Last modified 27 Oct 2021 12:21 +02:00
This is a snapshot of the specification that was created during midPrivacy: provenance prototype project. For the latest development version of the document please look in Axiom workspace.

A Axiom model defines data objects and their nested data item hierarchies. This allows a complete human and machine-readable description of the data.

Axiom models data structures using items and values that are combined to specify data types. Axiom provides clear and concise descriptions of the items, as well as relations between those items and their composition in data types.

Axiom definitions are grouped into models. A model can import definitions from other external models. Models can be extended, allowing one model to add items to the extension point defined in another model.

Axiom data models can describe constraints to be applied to the data.
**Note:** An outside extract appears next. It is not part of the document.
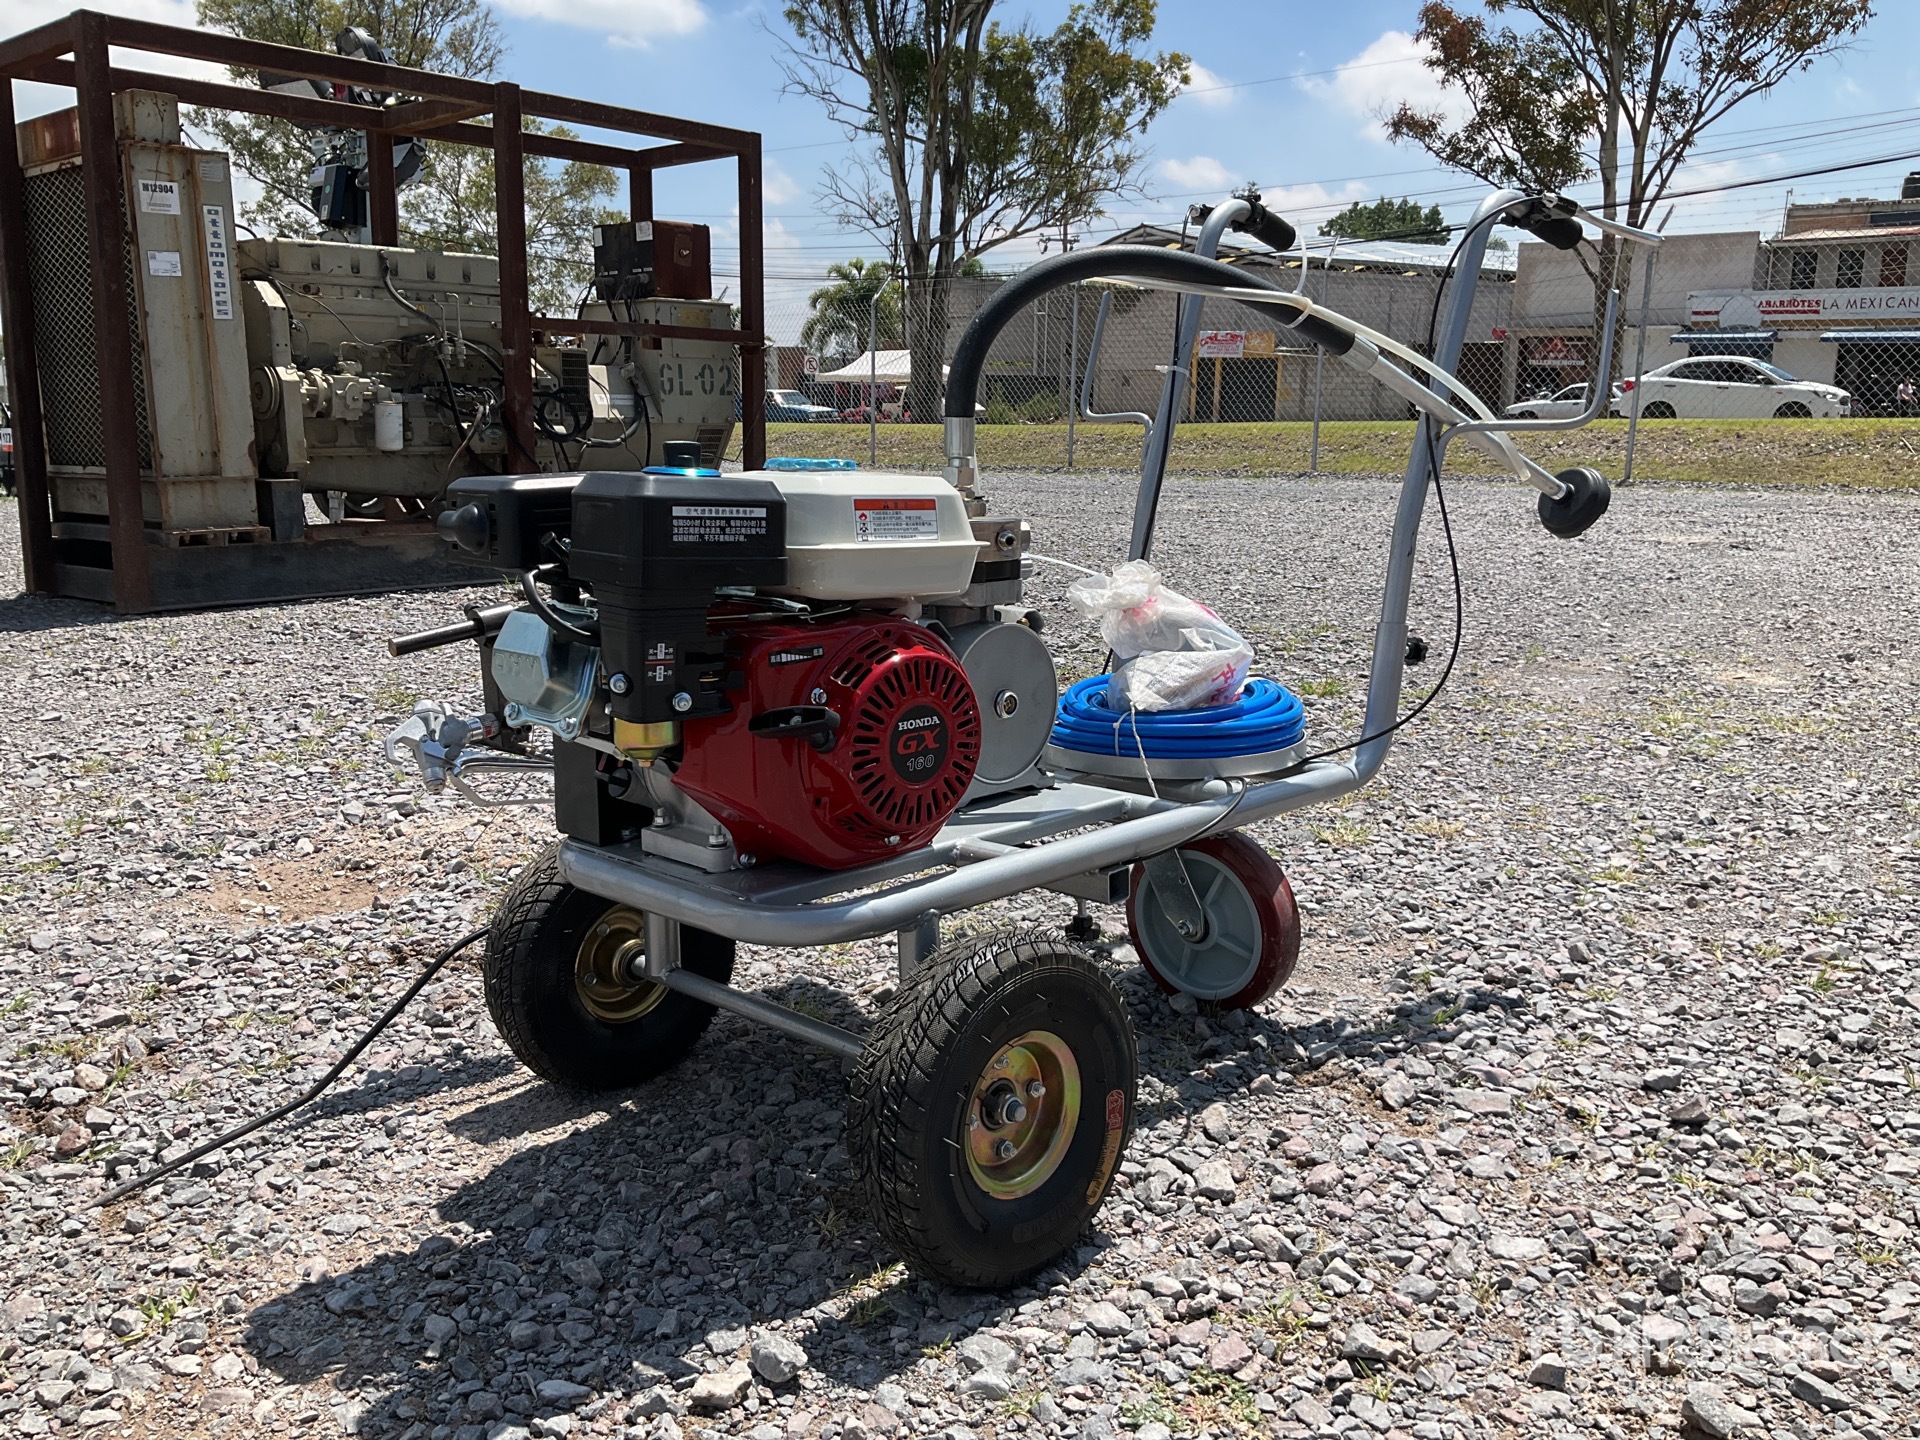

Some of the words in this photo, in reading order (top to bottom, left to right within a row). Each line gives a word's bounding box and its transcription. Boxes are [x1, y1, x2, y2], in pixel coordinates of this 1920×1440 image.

Axiom defines a set of built-in types and has a type mechanism through which additional types may be defined. Derived types can restrict their base type’s set of valid values using mechanisms like range or pattern restrictions and extend their base type by addition of additional items in case of structured types.

Axiom is a self-descriptive language. Axiom modeling language could be also modeled using Axiom.

Models

Axiom definitions are grouped into models. A model contains collection of related definitions that form a consistent group of data types for a specific use.

Models are defined using model statement. Each model needs a name and namespace declaration.

model my-model {
    namespace "https://schema.example.com/ns/my-model";
    ...
}

Model is identified by its namespace. Namespace is a globally-unique identifier in URI form.

Model name is a short string that is used mostly for diagnostic reasons. Model name can be displayed in error messages, diagnostic output and it can be used for similar purposes.

There is no strict requirement for model name to be unique. However, there is a benefit in making the name unique with reasonable probability. Model name is used as a default prefix for the model namespace, therefore it is recommended to keep model name short. It is recommended to use kebab-case for model names.

Types, Items and Values

Axiom defines basic concepts for data modeling - items, values and data types.

Item

Item is named collection of values. There are three basic types of items in Axiom:

Identifier-less item

Item which does not have value identifiers specified.

Map item

Item which has value identifiers specified, and values could be retrieved by their identifier.

Substitution item

Item with different name and different value type which subsitutes other less-specific item.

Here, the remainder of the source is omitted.